On Monday, during a visit to Vishnevsky Military Hospital in Moscow, President Vladimir Putin said the Russian economy was doing quite well and expanding rapidly despite the imposition of Western sanctions.

He noted that there was a 3.5% expansion in the nation’s gross domestic product (GDP) for 2023, which he characterized as a very promising development following a 2.1% contraction in 2022.

He went on to say that even though the Russian economy still has challenges, like inflation, “Our GDP, the key indicator that shows how much our economy has produced… grew 3.5% in 2023. What this tells us is that our economy is functioning steadily. We recuperated our losses and moved forward. This is fundamental. …we’re keeping everything under control.”

President Putin said the growth of the Russian economy is a result of changes the nation’s economy underwent over the previous year.

He said, “We have never seen anything like that before: while we used to make money from oil and gas [exports], 2023 was the first year when our processing, our manufacturing sector has been growing much faster and generated much more revenue. What we’re witnessing are structural shifts in our economy, and they are very important.”

He added that Russia’s economic stability has suffered no long-term harm from the Ukraine-related sanctions imposed by the West, including the disconnection of Russian banks from the SWIFT financial messaging system, and the withdrawal of some large Western companies from the Russian market.

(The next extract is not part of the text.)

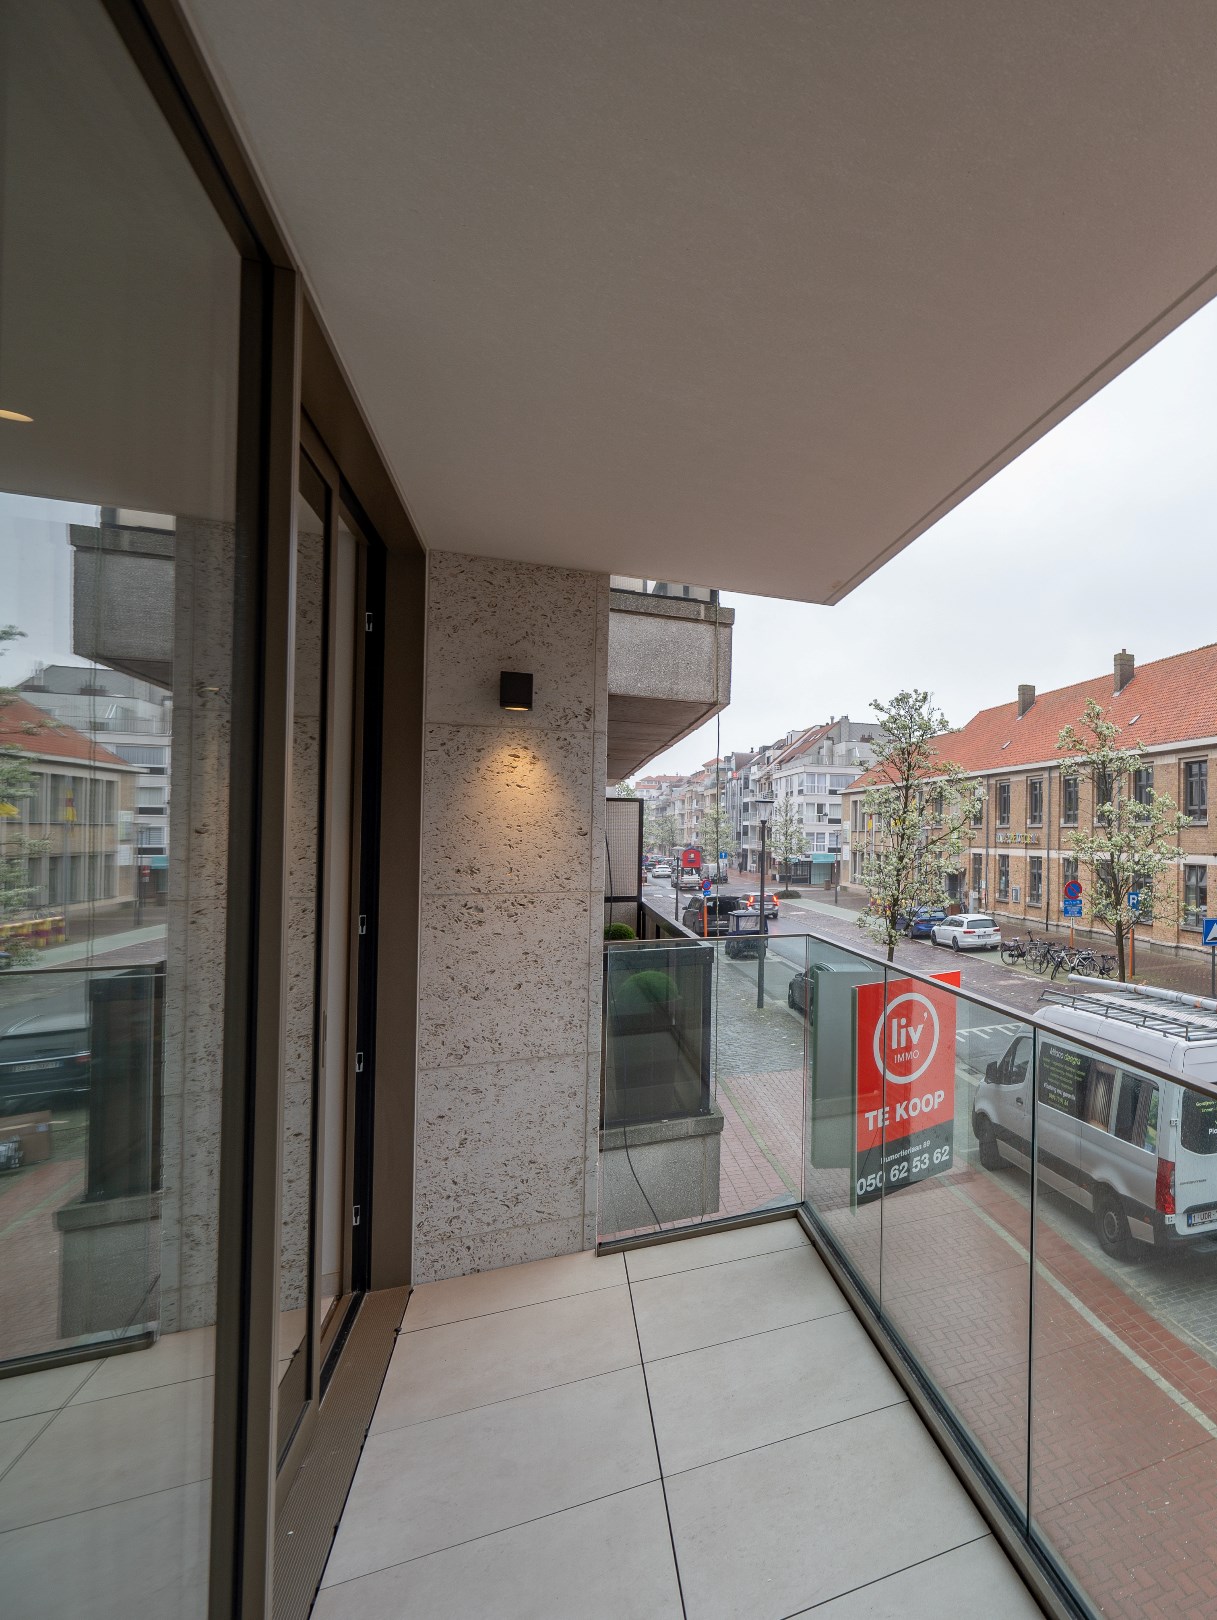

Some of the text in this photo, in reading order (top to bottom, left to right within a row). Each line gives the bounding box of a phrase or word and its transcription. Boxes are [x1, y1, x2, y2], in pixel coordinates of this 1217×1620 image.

[1129, 894, 1138, 907] P
[894, 1049, 920, 1064] IMMO
[864, 1090, 945, 1131] TE KOOP
[857, 1145, 950, 1196] 050 62 53 62

He said, “The companies that left our market expected the Russian economy to crumble, our businesses and manufacturing to stop running, and thousands of Russians to lose jobs. Our adversaries expected people to take to the streets begging for bread… [but] our economy is stable and our financial system is stable as well.” He added that in Russia, unemployment is currently at a historic low of 2.9% as real household incomes and real disposable income were both significantly higher.

He also pointed out how beneficial the exit of Western companies were for Russia’s domestic businesses.

He said, “Everyone thought that our manufacturing would stop because [the West] stopped supplying components. It didn’t happen. Yes, they created problems, but these problems are being overcome… When certain foreign firms have left, our businesses immediately took over.” He added that Russia has plenty of talent, qualified specialists, and managers, in order to “ensure that everything runs smoothly.”